ARMv8.5-A Support Being Prepped To Battle Spectre-Style Vulnerabilities
Written by Michael Larabel in LLVM on 27 September 2018 at 02:22 PM EDT. 9 Comments
LLVM --
Earlier this month Arm began publishing details of the ARMv8.5-A instruction set update, which is expected to be officially documented and released by the end of Q1'2019, while the LLVM compiler stack has already received initial support for the interesting additions.

Landing yesterday in LLVM Git/SVN is the new ARMv8.5-A target while hitting the tree today is the more interesting work.

One of the most interesting additions with ARMv8.5-A -- and now supported by LLVM -- are architectural additions for fending off possible Spectre-style speculative execution security vulnerabilities. First up are new speculation restriction system registers. These new registers allow for restricting certain types of speculative execution.

There is also a new speculation barrier with the ARMv8.5-A instruction set for limiting speculative execution to instructions following it. Also are prediction invalidation instructions as barriers to speculative execution based on an earlier execution within a given execution context. There is also SSBB and PSSBB speculation barriers for restricting speculative execution of load instructions.

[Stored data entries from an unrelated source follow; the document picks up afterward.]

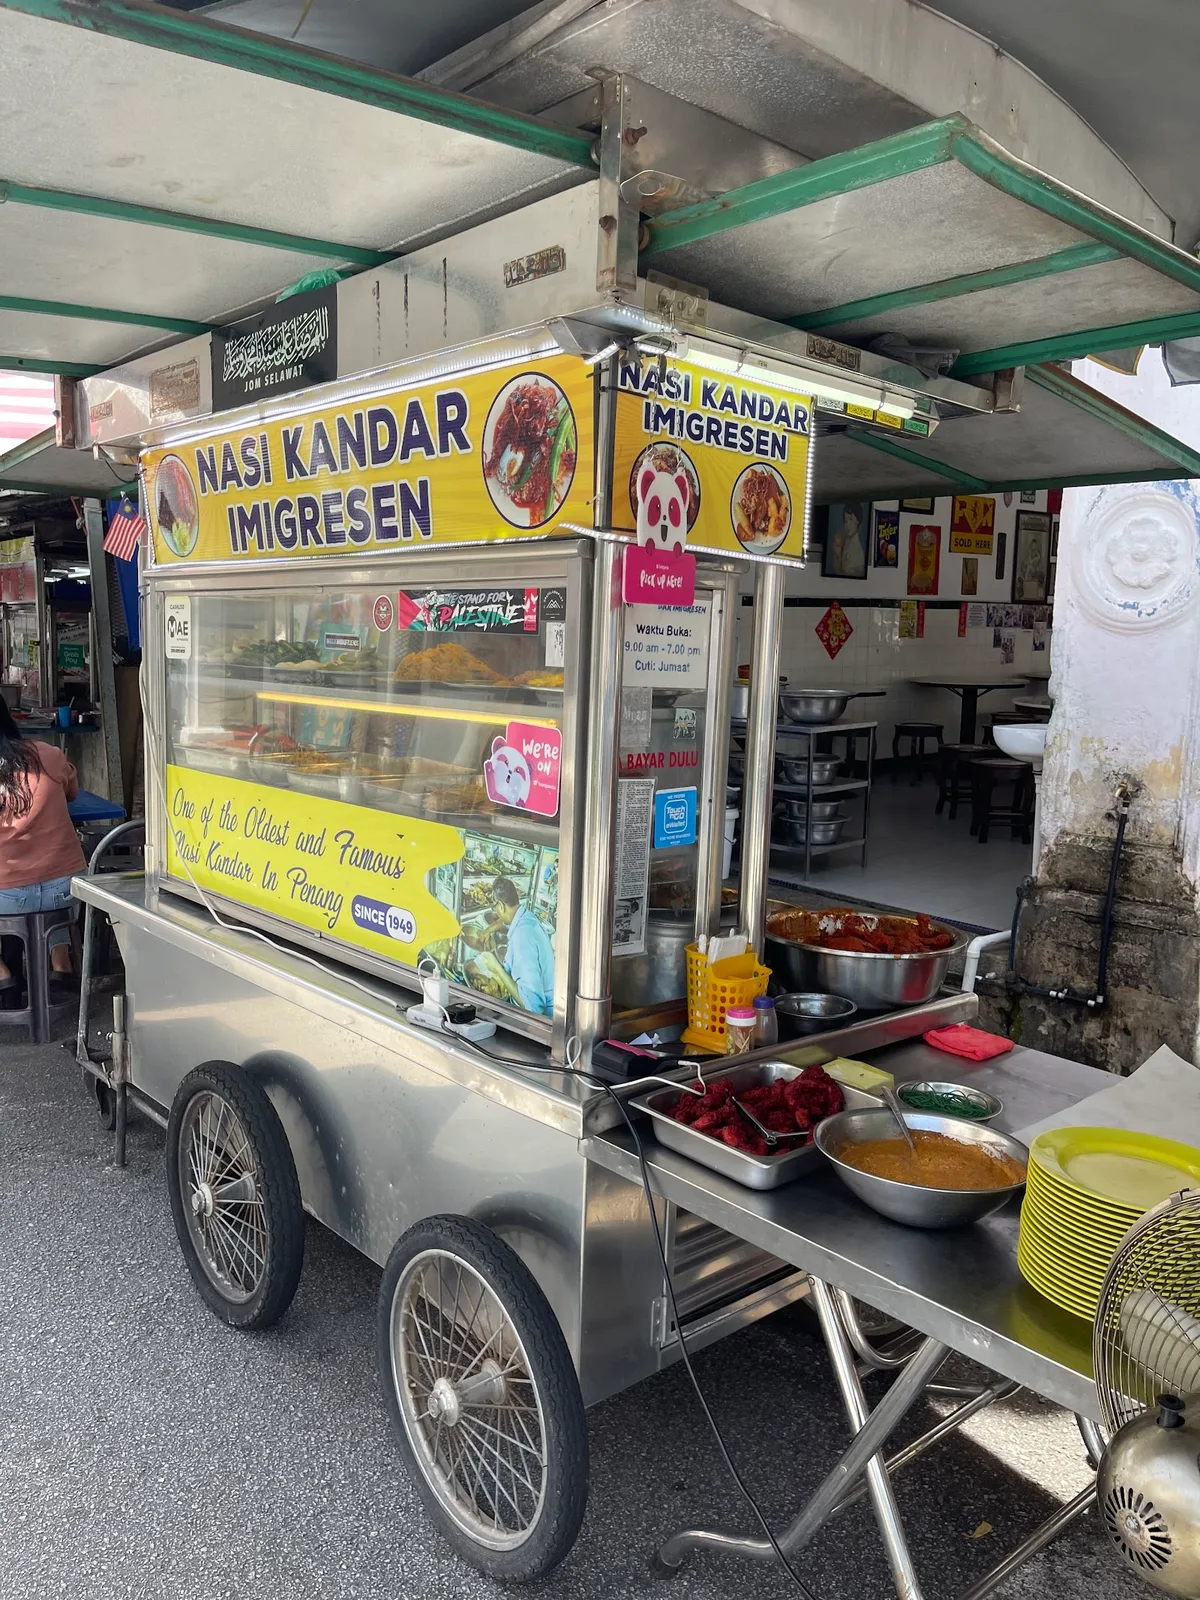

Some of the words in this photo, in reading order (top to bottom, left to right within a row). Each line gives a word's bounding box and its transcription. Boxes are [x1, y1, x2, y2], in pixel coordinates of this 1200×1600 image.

[244, 378, 261, 392] JOM
[264, 364, 304, 386] SELAWAT
[620, 363, 691, 402] NASI
[701, 379, 808, 432] KANDAR
[195, 436, 272, 494] NASI
[282, 390, 470, 479] KANDAR
[644, 402, 787, 460] IMIGRESEN
[227, 478, 432, 553] IMIGRESEN
[954, 538, 972, 547] SOLD
[975, 540, 991, 549] HERE
[457, 593, 486, 605] STAND
[487, 591, 506, 603] FOR
[439, 604, 525, 630] PALESTINE
[636, 624, 664, 635] Waktu
[666, 625, 692, 637] Buka:
[625, 641, 643, 652] 9.00
[646, 644, 659, 653] am
[667, 643, 685, 655] 7.00
[687, 647, 701, 656] pm
[635, 660, 656, 671] Cuti:
[658, 661, 691, 672] Jumaat
[627, 752, 665, 770] BAYAR
[669, 750, 699, 767] DULU
[666, 805, 686, 815] Touch
[173, 787, 195, 819] One
[200, 797, 214, 839] of
[219, 800, 238, 832] the
[243, 806, 290, 846] Oldest
[295, 828, 327, 857] and
[334, 829, 406, 879] Famous
[175, 830, 201, 864] Nasi
[205, 841, 254, 883] Kandar
[261, 861, 279, 891] In
[286, 867, 344, 929] Penang
[354, 903, 385, 927] SINCE
[388, 913, 414, 935] 1949
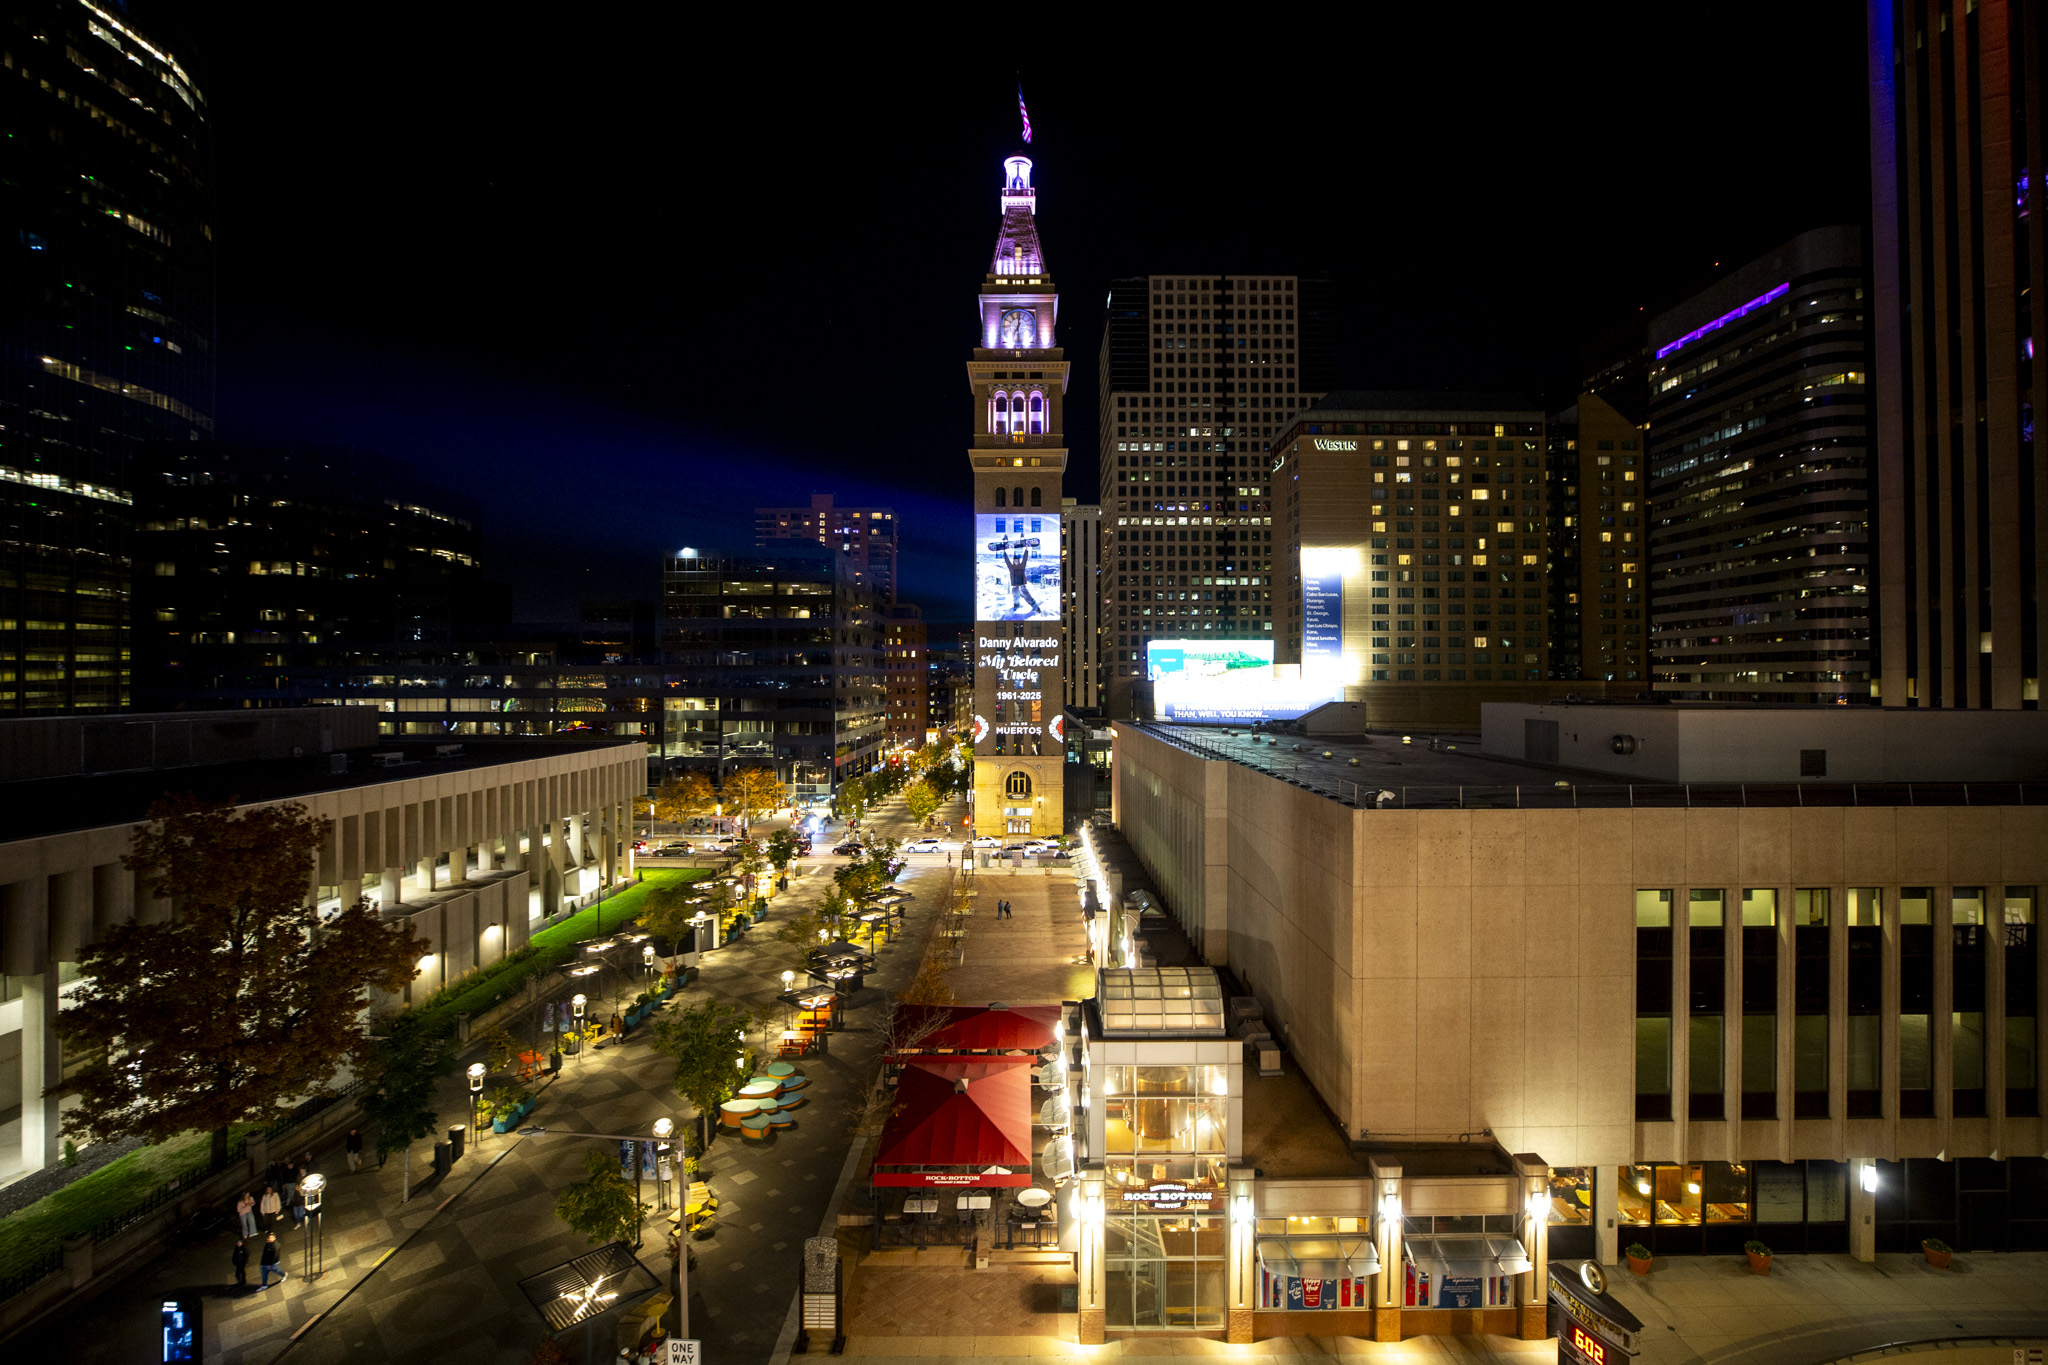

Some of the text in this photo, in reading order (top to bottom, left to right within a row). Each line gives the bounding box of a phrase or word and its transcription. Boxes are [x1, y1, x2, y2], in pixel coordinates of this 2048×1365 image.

[1313, 439, 1357, 451] WESTIN
[980, 637, 1058, 650] Danny Alvarado
[979, 654, 1059, 669] My Beloved
[1000, 668, 1038, 682] Uncle
[996, 691, 1042, 700] 1961-2025
[1174, 710, 1198, 719] THAN,
[1220, 710, 1237, 718] YOU
[996, 727, 1042, 735] MUERTOS
[1123, 1192, 1213, 1201] ROCK BOTTOM
[1568, 1303, 1598, 1331] PLAZA
[671, 1343, 694, 1354] ONE
[672, 1354, 695, 1365] WAY
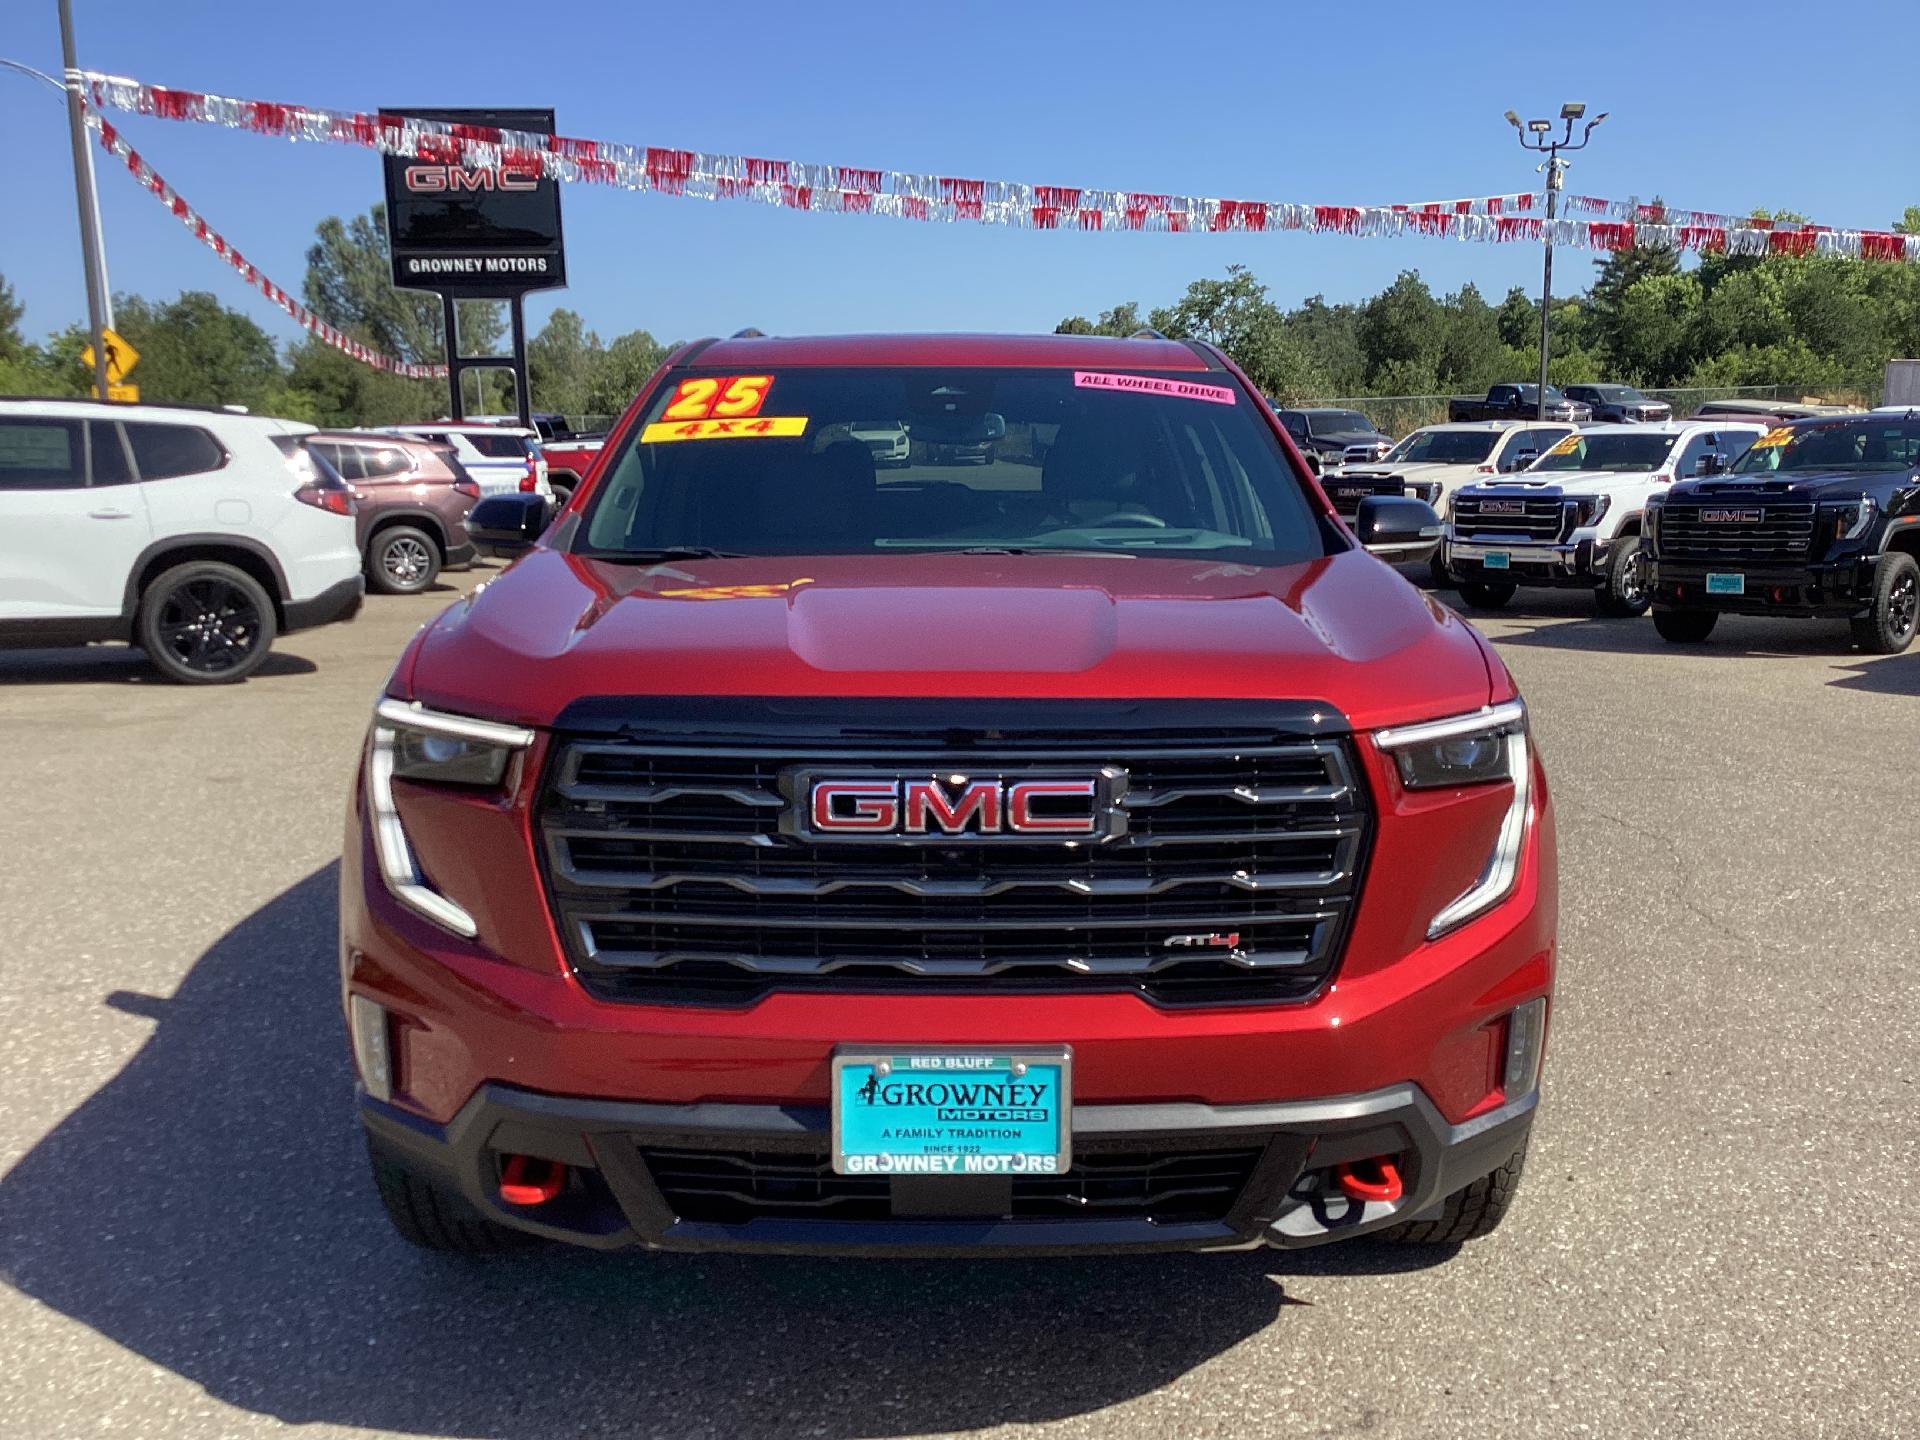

Outside of the security space, ARMv8.5-A is baking a new persistent memory instruction and random number instructions.

While not part of this LLVM compiler work, some of the other ARMv8.5-A improvements on deck include "memory tagging" as another security feature, support for debugging across power resets, finer grained traps for virtualization, and other persistent memory capabilities.

It's great that ARM is quick in getting out instruction set extensions to better deal with speculative execution in light of Spectre (and for the ARMv8.5-A compiler support being punctually added to LLVM), but it's going to be well into 2019 at the earliest before actually seeing any ARMv8.5-A hardware.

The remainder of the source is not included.